Mesothelioma’s Effect on Women – Statistics You Should Know About

March 24, 2020  |  Mesothelioma
Mesothelioma’s Effect on Women

For most of the past century, the rare and aggressive asbestos cancer known as mesothelioma has been thought to be primarily the bane of men. It was men, after all, who made up the majority of the nation’s blue-collar, occupational workforce throughout the 1900s, populating the many steam plants, refineries, chemical plants, steel mills, shipyards and factories where asbestos products were most commonly incorporated into facility operations, such as insulating the pipes, furnaces and ships’ boiler rooms at those jobsites.

In the early 1990s, however, it came to the attention of medical professionals that more women were being diagnosed with mesothelioma, a rare but deadly cancer caused by exposure to the mineral asbestos. Although an increasing number of women joined the industrial workforce throughout the 1960s, a majority of women continued to keep house (sometimes doing both), which usually included laundering their husbands’ dust-ridden work clothes. As these women took to their back porches and laundry rooms to shake out the dusty work clothes of men who worked with and around asbestos, they were unknowingly releasing millions of invisible, microscopic asbestos fibers into the air all around them, which they could not help but breathe in. Women began to develop mesothelioma at increasing rates.

However, due to the extremely long latency period of asbestos diseases like mesothelioma, it might be 20 to 50 years before any hint of asbestos cancer developed in a woman’s body, and due to the rarity of mesothelioma, especially in women, an accurate diagnosis wasn’t always made. Now, new statistics are emerging which shed light on exactly how prevalent a diagnosis of mesothelioma is in women.

New Research

Recently, Duke University scientists conducted a study of women diagnosed with mesothelioma. The study, published in the March 2020 edition of the American Journal of Surgical Pathology, researched the frequency with which females receive a mesothelioma diagnosis and what kinds of mesothelioma they develop.

A total of 354 women with malignant mesothelioma were studied, selected from a database of 2,858 mesothelioma cases. The women in the study were between the ages of 19 and 93 at the time of their diagnosis, with an average age of 65. The university’s research revealed that more than three-fourths of these women developed pleural mesothelioma, which occurs in the lining of the lungs. Another 22 percent developed peritoneal mesothelioma, which occurs in the lining of the abdomen. The vast majority of women were exposed to asbestos through “household contact”, as in washing the dusty work clothes of their sons, husbands, fathers and brothers. Five percent of the women were found to also have the disease of asbestosis, and almost half of the women in the study also had pleural plaques in their lungs, a further indication of asbestos exposure.
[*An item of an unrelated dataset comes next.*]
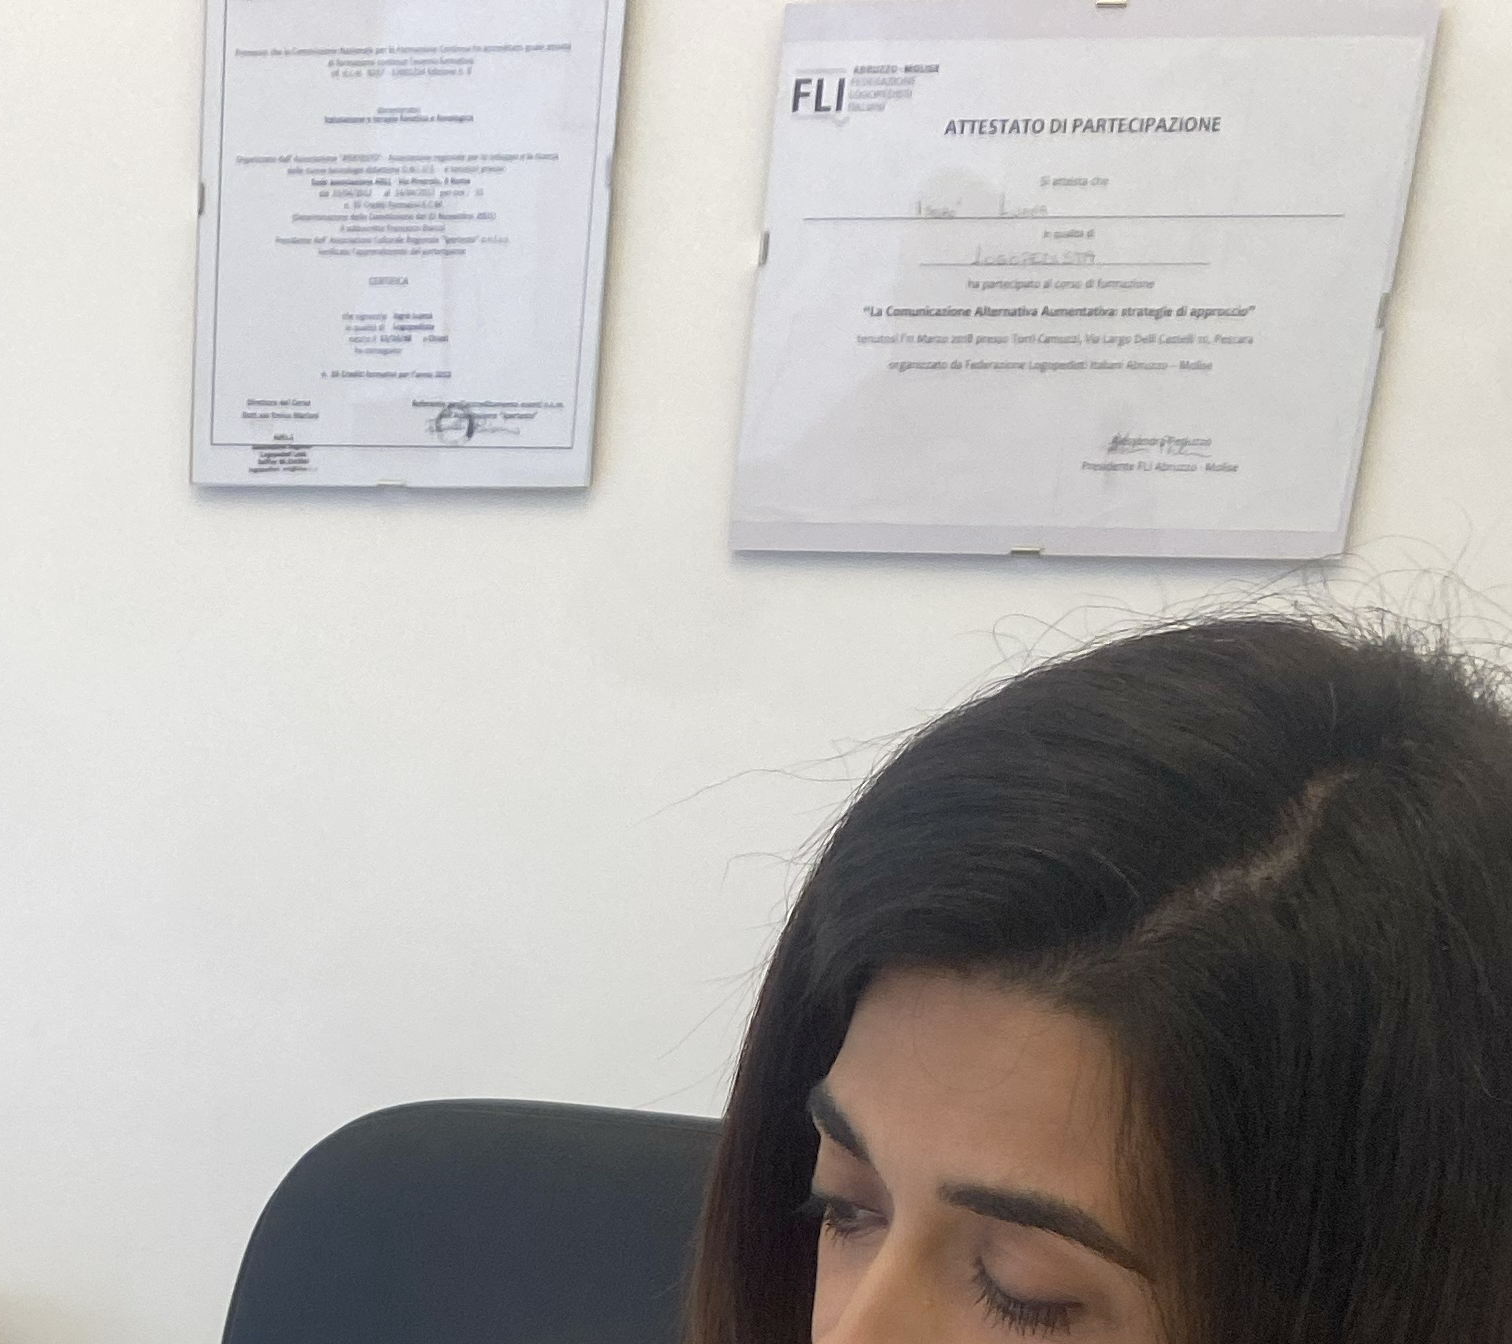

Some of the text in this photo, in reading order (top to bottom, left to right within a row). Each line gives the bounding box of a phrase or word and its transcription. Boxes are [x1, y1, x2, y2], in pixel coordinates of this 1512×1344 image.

[791, 77, 846, 113] FLI
[943, 116, 1223, 136] ATTESTATO DI PARTECIPAZIONE
In a bit of slightly better news, the Duke study found that females were more likely to be diagnosed with the epithelioid subtype of mesothelioma, which is a little easier to treat than sarcomatoid and biphasic mesothelioma, the subtypes most commonly found in males with the disease. Overall, this research is statistically significant because people still tend to think of mesothelioma as a men’s disease. We now have additional information to show the rate and kinds of mesothelioma cancers that develop in women, too.

If you or someone you love has been affected by mesothelioma cancer caused by asbestos, you might be able to take legal action against the asbestos manufacturers responsible for your suffering. Please contact Baron & Budd online or call 855-280-7664 to learn more.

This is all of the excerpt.